Peer Review History

Original SubmissionApril 29, 2021
Decision Letter - M Niaz Asadullah, Editor

PONE-D-21-13534

Home, sweet home? The impact of working from home on the division of unpaid work during the COVID-19 lockdown

PLOS ONE

Dear Dr. Disslbacher,

Thank you for submitting your manuscript to PLOS ONE. I read it with much interest and the reviewer also enjoyed your paper.

After careful consideration, we feel that it has merit but does not fully meet PLOS ONE’s publication criteria as it currently stands. Therefore, we invite you to submit a revised version of the manuscript that addresses the points raised during the review process.

In addition ​to reviewer comments, I have some observations.

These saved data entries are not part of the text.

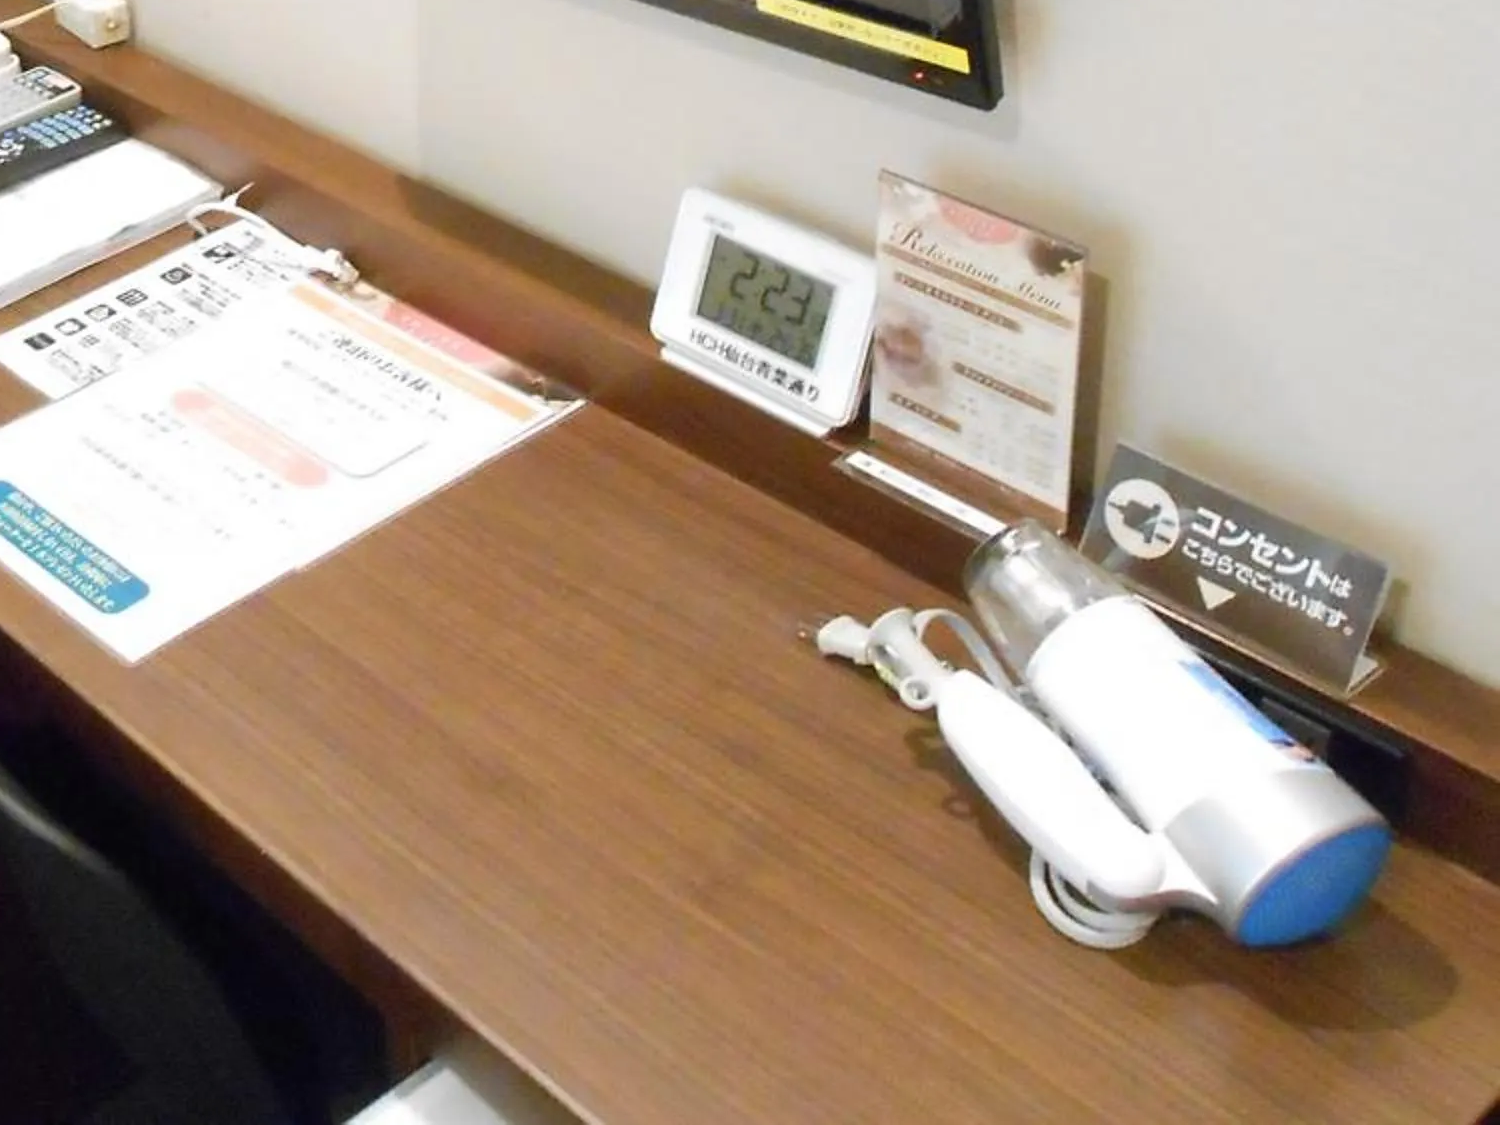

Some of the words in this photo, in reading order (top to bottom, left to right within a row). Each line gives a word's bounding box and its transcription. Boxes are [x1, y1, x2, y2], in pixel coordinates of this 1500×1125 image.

[1181, 537, 1354, 636] こちらでございます。
[1191, 506, 1353, 599] コンセントは
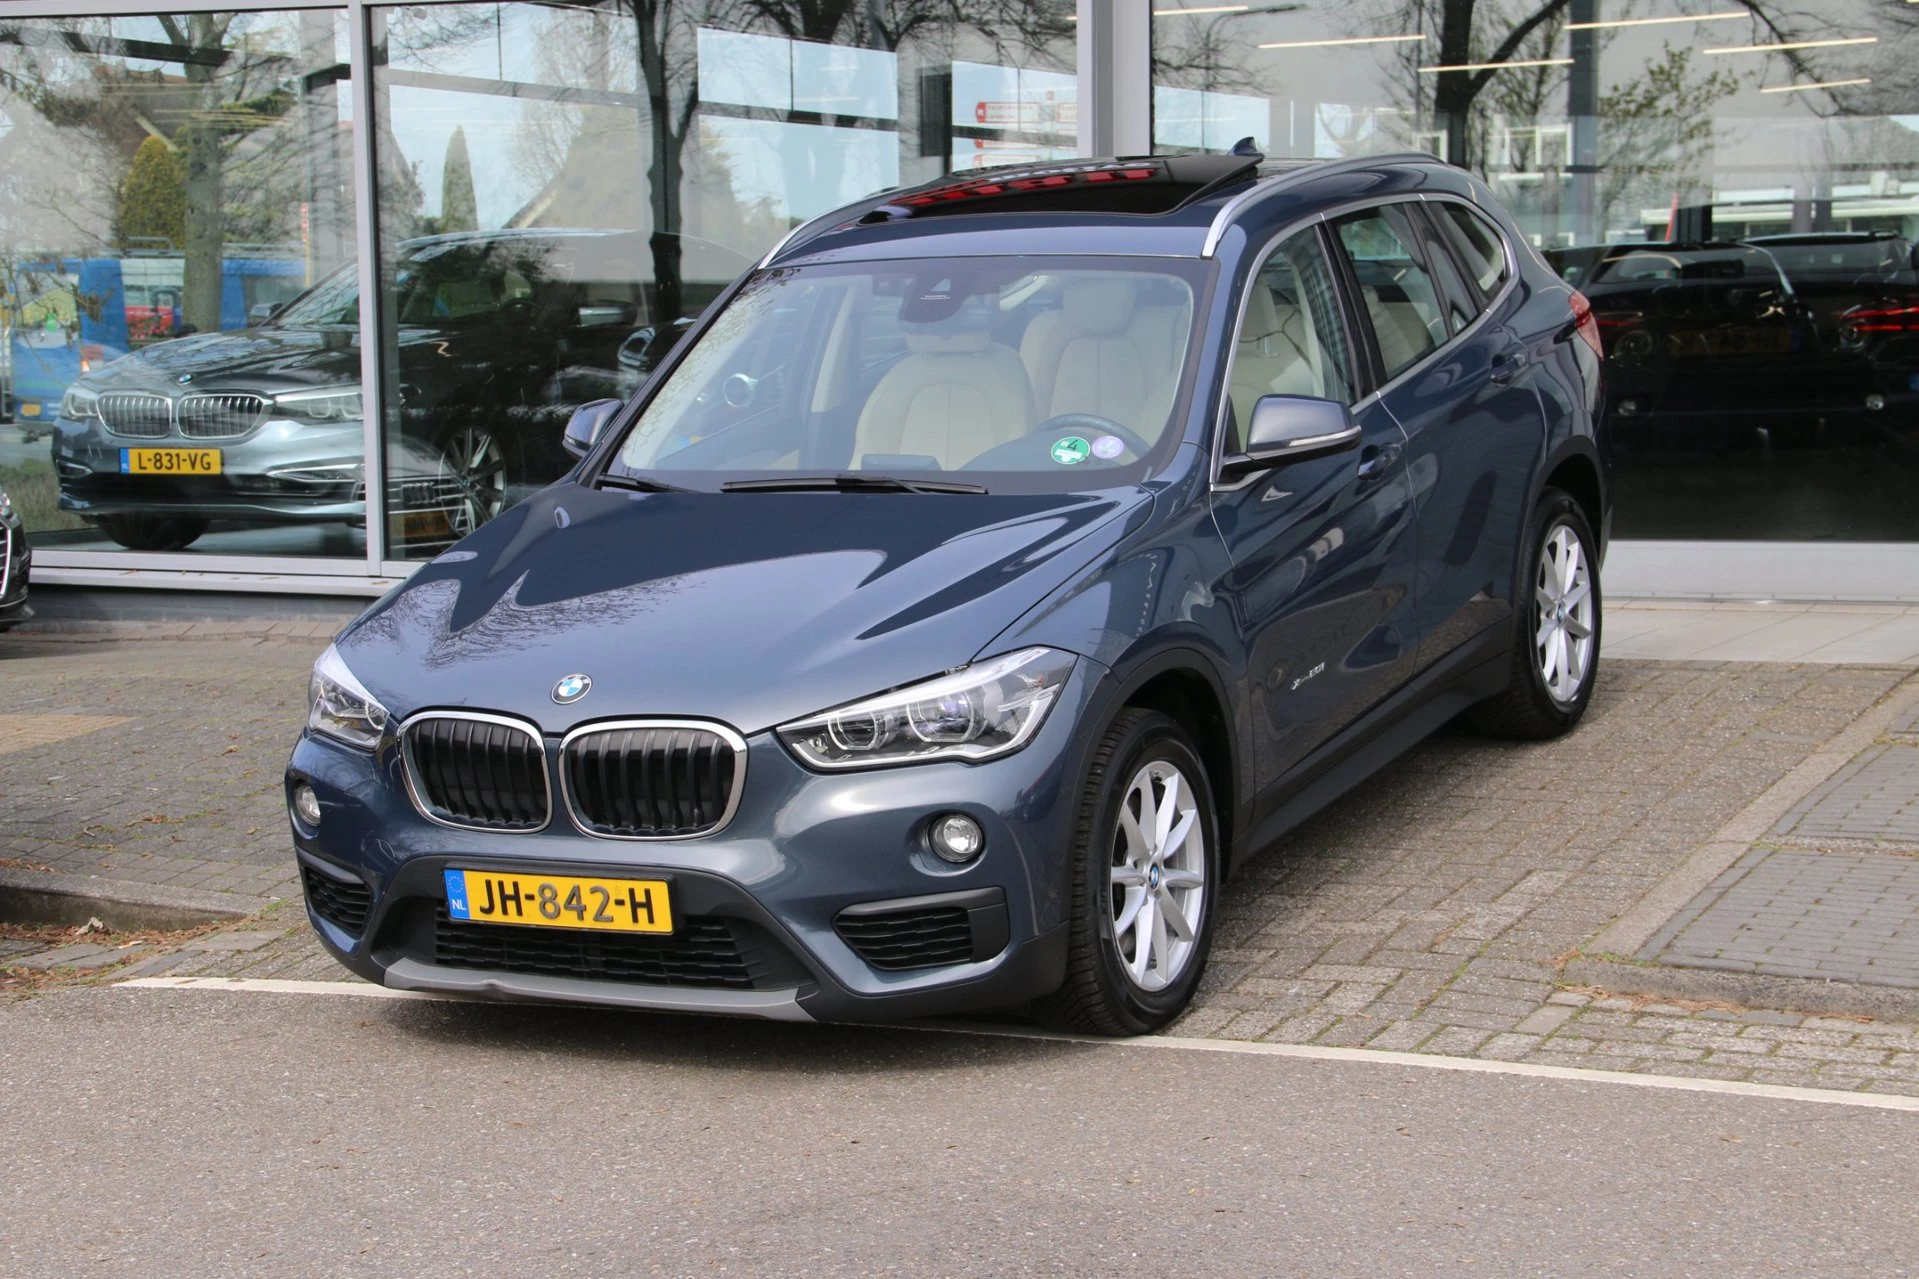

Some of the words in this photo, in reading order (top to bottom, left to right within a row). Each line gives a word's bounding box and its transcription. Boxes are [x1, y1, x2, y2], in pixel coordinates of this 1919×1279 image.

[1067, 439, 1078, 451] 4
[137, 452, 211, 471] L-831-VG
[451, 898, 467, 911] NL
[479, 878, 655, 924] JH-842-H
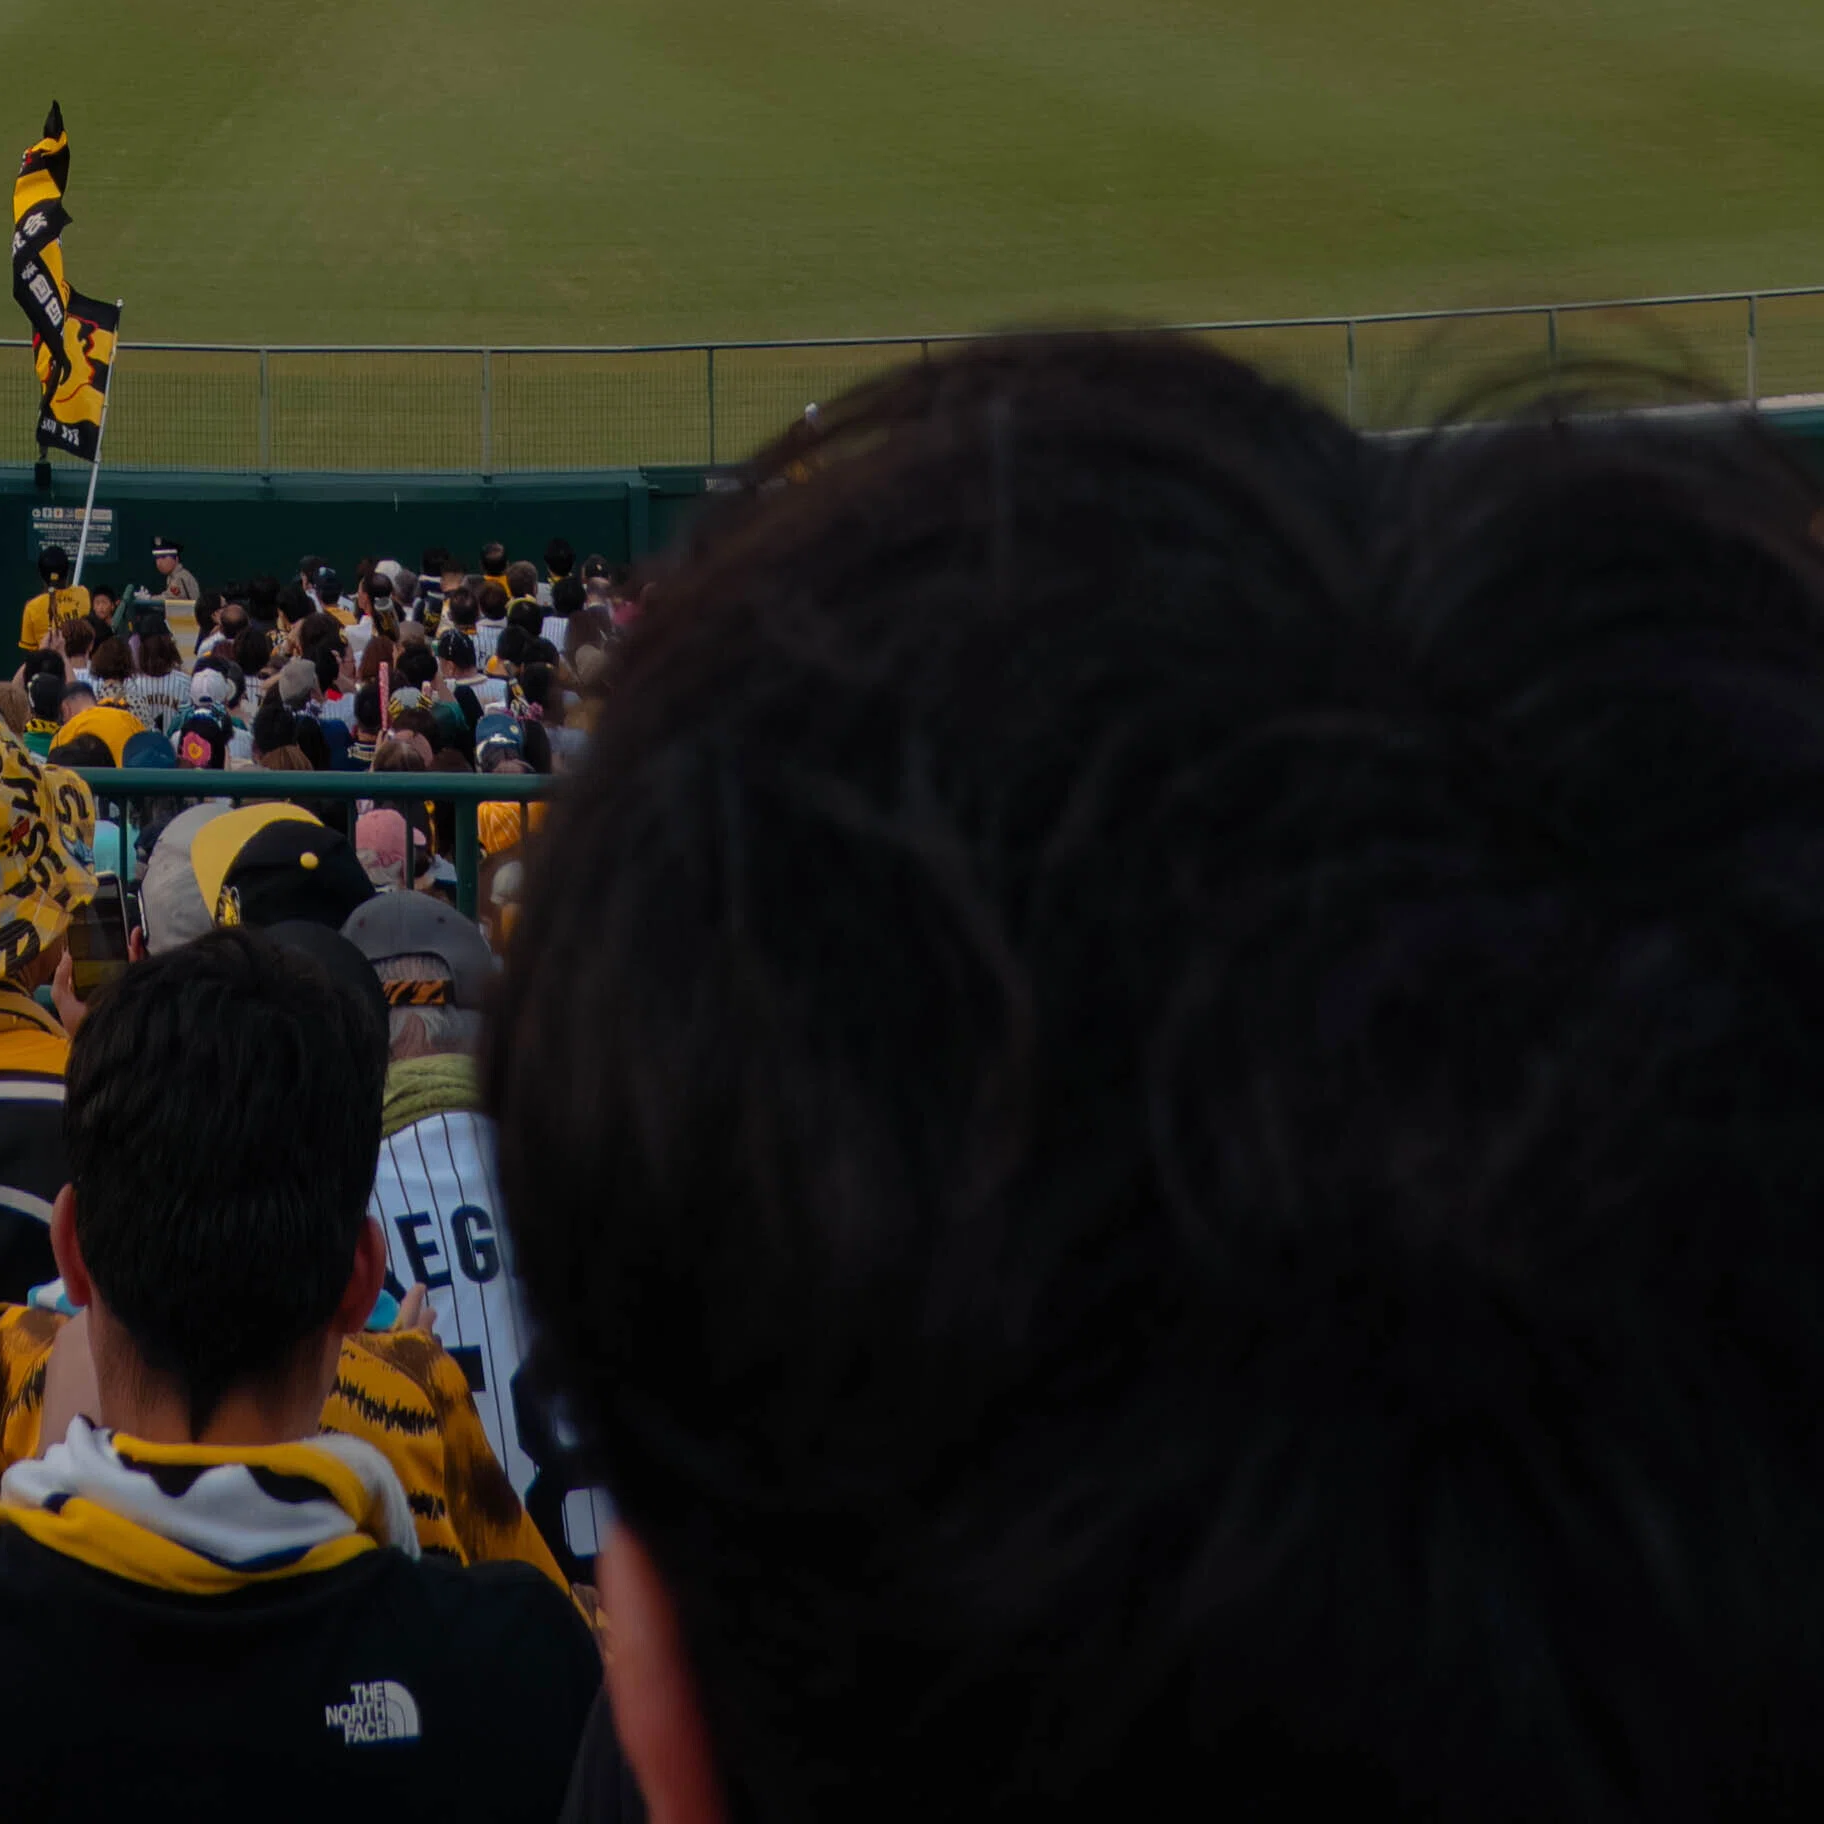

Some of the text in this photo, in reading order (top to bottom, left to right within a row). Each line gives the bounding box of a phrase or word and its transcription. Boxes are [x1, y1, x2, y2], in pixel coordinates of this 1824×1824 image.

1. Since your rely on multiple methods to collect interview data (mailing list, twitter, facebook), how does that impact your response rate and sample balance? In Austria, is there any gender difference in twitter and facebook usage? If so, could that affect gender balance in your original sample (N=2,113)? Please add a table in providing the breakdown of data by medium of interview/response and for each, provide % female.

2. Equally, is there similar difference by marital status? If so, did that affect the mix of single individuals and heterosexual couples in your original sample? I also wonder how your data collection method affects your answers given that individuals WfH would be more respective to digital communication and if so whether that inflates the proportion WfH in your data (owing to sample selection bias, since on page 8 you admit the WfH wasn't universal despite govt regulation)?

Again, I am sympathetic to "snowball sampling design" during COVID times. But we'd be open and frank about all the limitations including any systematic bias in sample composition and wherever possible, control for it in regression analysis (akin to "enumerator fixed effects" in face-to-face survey). Alternatively just acknowledge in your data limitation section. 

3. Please describe sample size more clearly. You claim to focus on "730 heterosexual couples (1,460 individuals)" but in table S1, it is adding up to 1377 (687+690) while in Table 1, it is 1159. Final sample size is expected to be stable across all results table. If you did not restrict analysis to a common sample (with non-missing cases), please revise all Tables accordingly.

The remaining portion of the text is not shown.